Fixed Costs in Clinical Negligence Claims – Yes or No?

In June 2015 Ben Gummer, Health Minister, announced that the Government was looking into implementing a fixed costs regime for clinical negligence cases with a value of up to £100,000. It was then announced in August 2015 that the Department of Health were considering whether or not to increase this limit to £250,000.

The justification behind the proposal was to reduce the amount paid out to Claimant lawyers for the costs of pursuing successful claims. Whilst the Department of Health predicted that £80m could be saved through a limit of £100,000, they estimated a further £25m would be saved by increasing the limit to £250,000. The scheme had a proposed implementation date of October 2016.

Since the announcement, there has been serious concerns raised by Claimant clinical negligence lawyers, and their representing bodies.

APIL highlighted a major conflict of interest in the proposals – “Given that the Department of Health is the negligent party when a Claimant pursues a successful clinical negligence claim, then it should not seek to fix costs or to set the level of fixed fees. If they are introduced, an independent body should assess fee and expert fee levels, to be reviewed annually”.

The Law Society in their response reminded the Government that “The full effects of LASPO are yet to work through the system in any substantive way, and the Department’s failure to take into account the impact of LASPO on recoverable costs is a fundamental flaw in the reasoning that has led to the conclusion that a new scheme of fixed costs should be introduced”.

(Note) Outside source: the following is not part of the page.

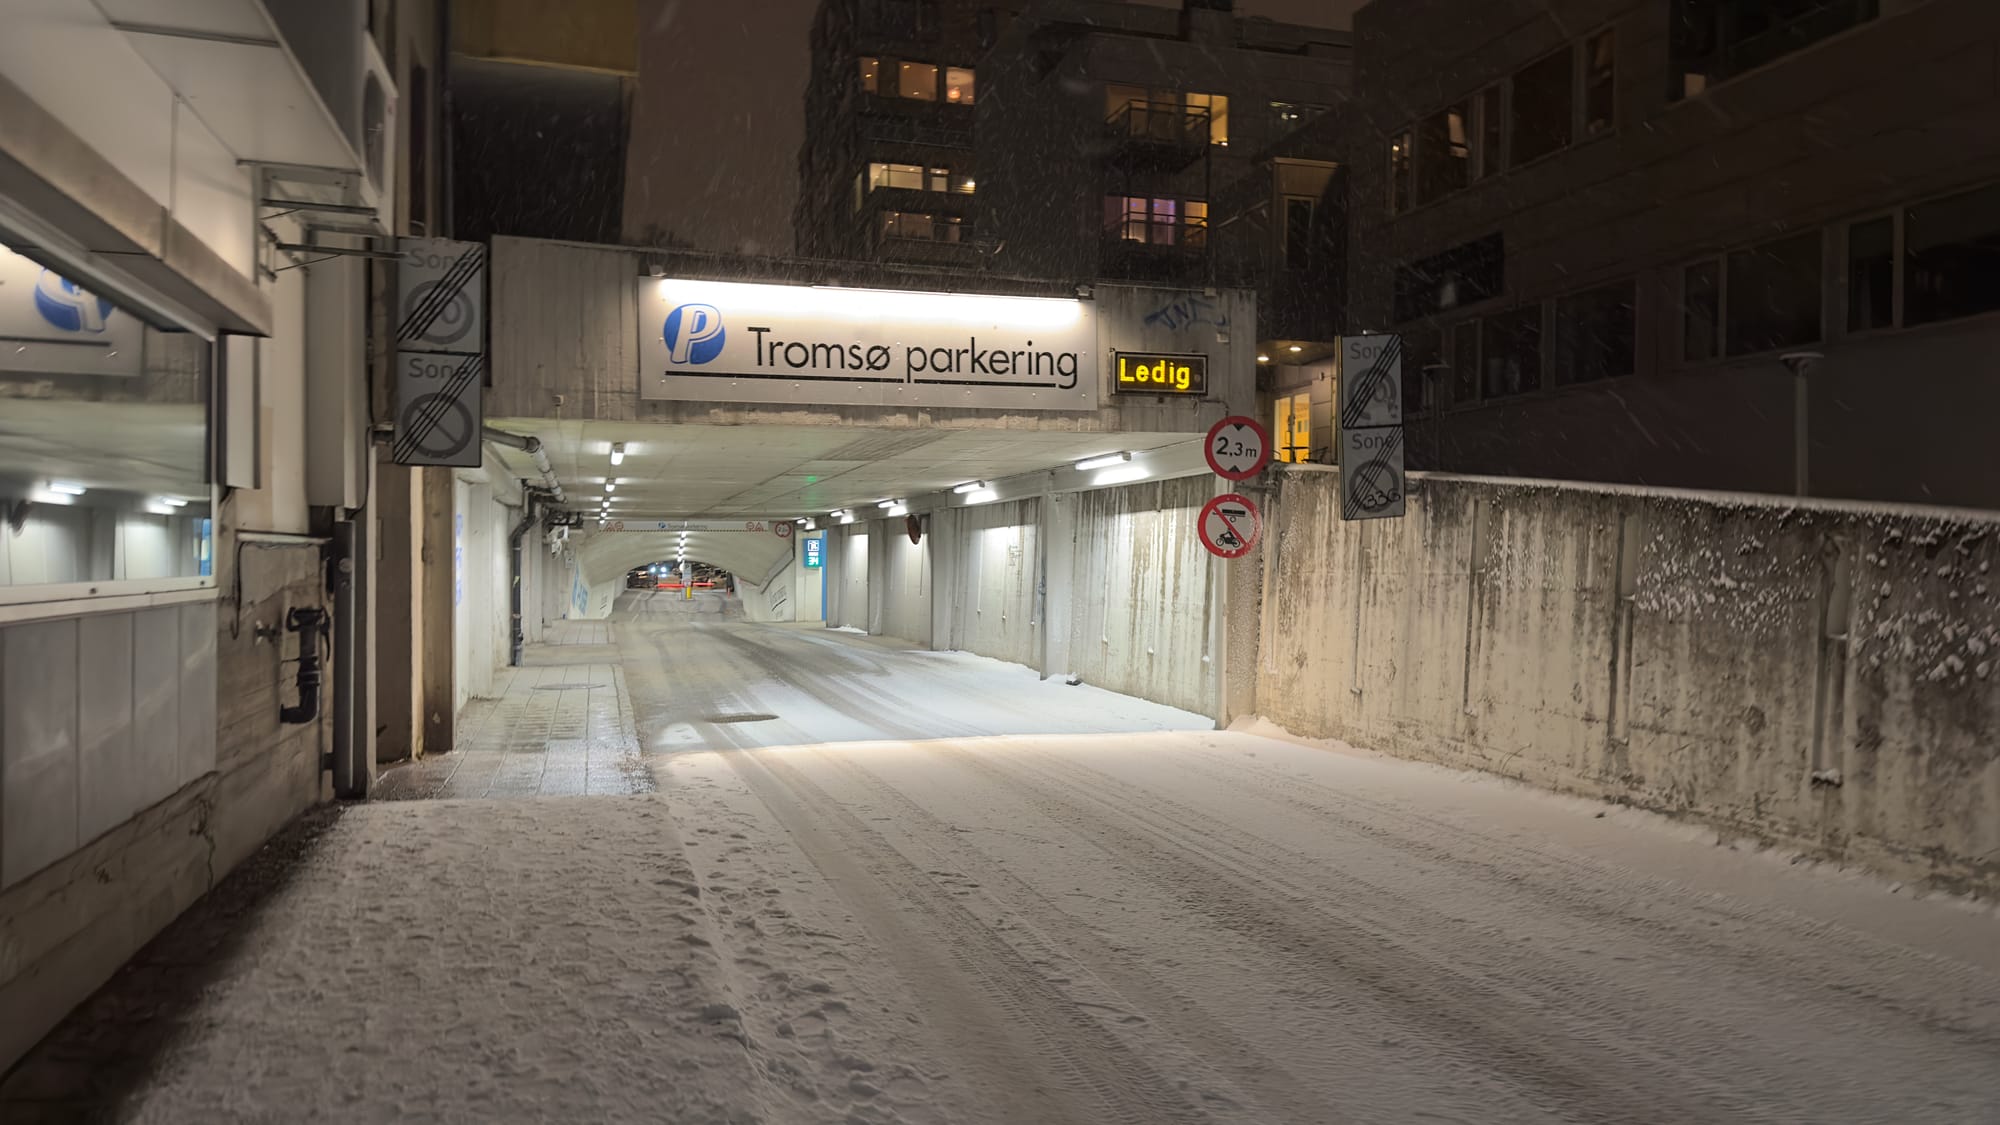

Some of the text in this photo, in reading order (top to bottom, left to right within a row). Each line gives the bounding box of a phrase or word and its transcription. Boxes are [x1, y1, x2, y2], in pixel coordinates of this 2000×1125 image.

The abolition from 01 April 2013 of the unsuccessful Defendant being responsible for payment of additional liabilities is yet to take full effect, and the Law Society warn that if “the Department of Health were to decide to press ahead with further methods to reduce legal costs, that would be seen as a telling implication that LASPO has not been effective in the way that the Government initially envisaged it”. The Government’s analysis and quantification of the savings that could be made if fixed costs were to be introduced has been based on pre-LASPO data which, of course, includes additional liabilities. The amount the Government claim could be saved by the implementation of fixing costs is therefore misleading. A further analysis should be made of the post LASPO costs.

There is serious concern that the implementation of the scheme will result in a reduction of clinical negligence lawyers being prepared to accept lower value clinical negligence claims. This will impact of the public’s access to justice. Considerable work is involved pre litigation in securing supportive breach of duty evidence, and it must be economical for a lawyer to undertake this work. Further, there has been no suggestion as to whether or not the proposal involves cases where liability has been admitted. Both the Law Society and APIL agree that, if implemented, the scheme should only apply to straightforward claims where liability is admitted in the pre litigation stage and where damages are less than £25,000.

It is also argued that expert’s should be prepared to accept the capped fees in order to share the effect of the Government policy. It is the Solicitors who, in the past, would absorb any difference, and the Department of Health is therefore encouraged to consult with medical expert groups on this issue.
Finally, it is stressed that the NSHLA must also adopt a cost saving approach. There is currently no incentive in the proposal for the Defendant to settle early. If the scheme is implemented for matters where liability is admitted within the Letter of Response, this would limit the Solicitors’ exposure to the Defendant’s conduct often resulting in increased costs.

On 19 November 2015 the Government announced a delay in publishing their consultation on the proposal, which was due that month, and advised that it would be published in early 2016 subject to committee clearances.

Claimant Solicitors are therefore left pondering what exactly will be proposed, and how will it impact upon their profession. Many wonder that if the NHS focused on addressing the cause of the negligence and improving patient safety then savings would be made from the heart of the problem, and hence less money paid out overall for clinical negligence claims.